Nicht nur Vertreter der Digital-Wirtschaft bemängelten das geplante Netzwerkdurchsetzungsgesetz, sondern auch Rechtswissenschaftler und Organisationen wie Reporter ohne Grenzen.
Etliche Experten befürchteten, dass Netzwerke wie Facebook sich durch das Gesetz gedrängt sehen, im Zweifelsfall auch nicht strafbare Kommentare zu löschen, um auf der sicheren Seite zu sein. "Im Bewusstsein, sich der Gefahr hoher Strafzahlungen auszusetzen, werden die Netzwerke dazu neigen, im Zweifel Löschungen vorzunehmen", kritisierte Prof. Bernd Holznagel, Direktor des Instituts für Informations-, Telekommunikations- und Medienrecht in Münster. Der auch innerhalb der schwarz-roten Regierungskoalition umstrittene Gesetzentwurf sieht Strafen von bis zu 50 Millionen Euro vor, wenn Internet-Firmen illegale Inhalte nicht schnell genug löschen und die Zusammenarbeit verweigern.

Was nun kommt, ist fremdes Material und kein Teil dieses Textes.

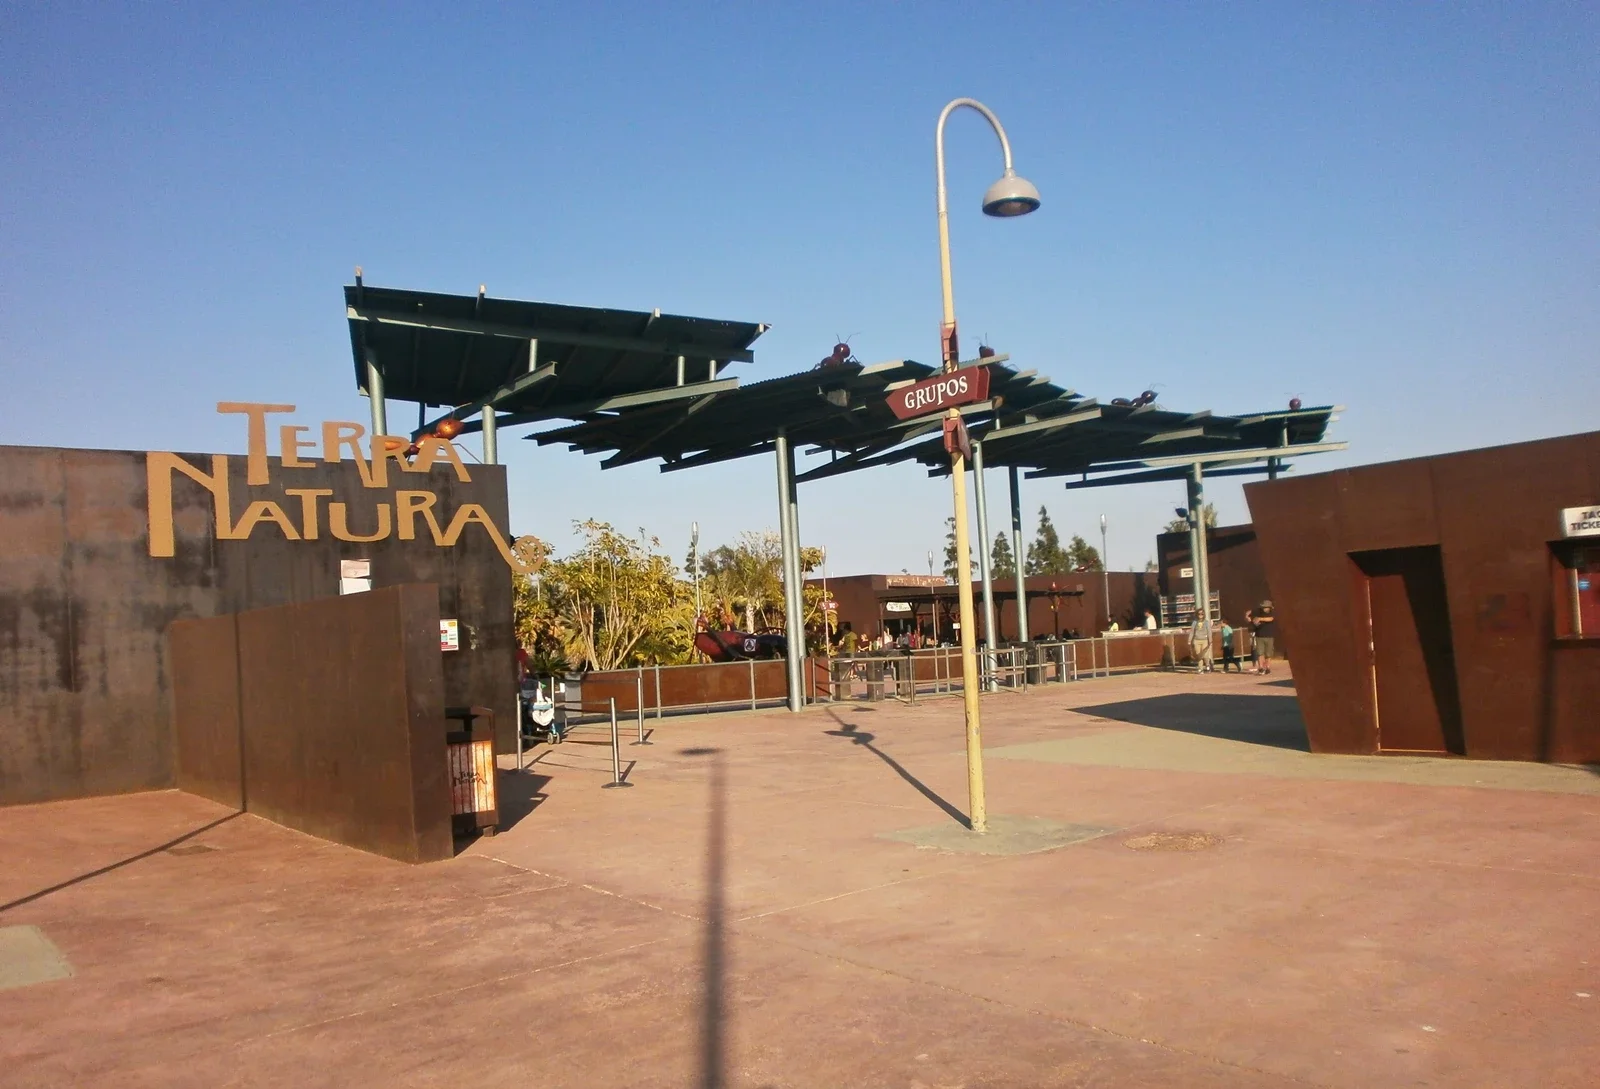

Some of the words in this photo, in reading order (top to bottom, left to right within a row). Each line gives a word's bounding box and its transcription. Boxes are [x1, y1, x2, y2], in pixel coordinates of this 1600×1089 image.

[904, 375, 968, 410] GRUPOS
[216, 401, 472, 488] TERRA
[146, 451, 544, 574] NATURA

Christian Mihr, Geschäftsführer von Reporter ohne Grenzen, erklärte, die im Gesetzentwurf vorgesehenen Maßnahmen zur Regulierung sozialer Netzwerke seien ungeeignet, um gegen "Hasskriminalität und andere strafbare Inhalte" vorzugehen. "Damit verfehlen sie den Zweck des Gesetzes. Stattdessen greifen sie in dieser Ausgestaltung unverhältnismäßig in die Presse- und Meinungsfreiheit ein und können die Kommunikationsfreiheit im Internet nachhaltig beschädigen."
Der Hauptgeschäftsführer des Branchenverbandes Bitkom, Bernhard Rohleder, erklärte, das geplante Hatespeech-Gesetz sei "gut gemeint, aber schlecht gemacht". So werde die Löschung von "offensichtlich rechtswidrigen Inhalten" innerhalb von 24 Stunden gefordert. "Aber was ist "offensichtlich rechtswidrig" bei Beleidigung oder Verleumdung? Selbst Richter tun sich mit Antworten schwer und kommen oft zu überraschenden Ergebnissen - wie nicht nur die Entscheidung zum Schmähgedicht von Jan Böhmermann zeigt", sagte Rohleder. Der Einzelne beurteilte Sachverhalte häufig anders als es Gerichte nach sorgfältiger Abwägung tun würden.
An die Seite von Bundesjustizminister Maas stellte sich unter anderen der Hamburger Staatsanwalt Ulf Bornemann: "Das Gesetz stellt ein klares Signal der Politik dar, gegen "Hasskriminalität" in sozialen Netzwerken vorzugehen." Damit werde die Verfolgung dieser Kriminalitätsform - insbesondere der Straftatbestände des Verwendens von Kennzeichen verfassungswidriger Organisationen sowie der Volksverhetzung - ermöglicht.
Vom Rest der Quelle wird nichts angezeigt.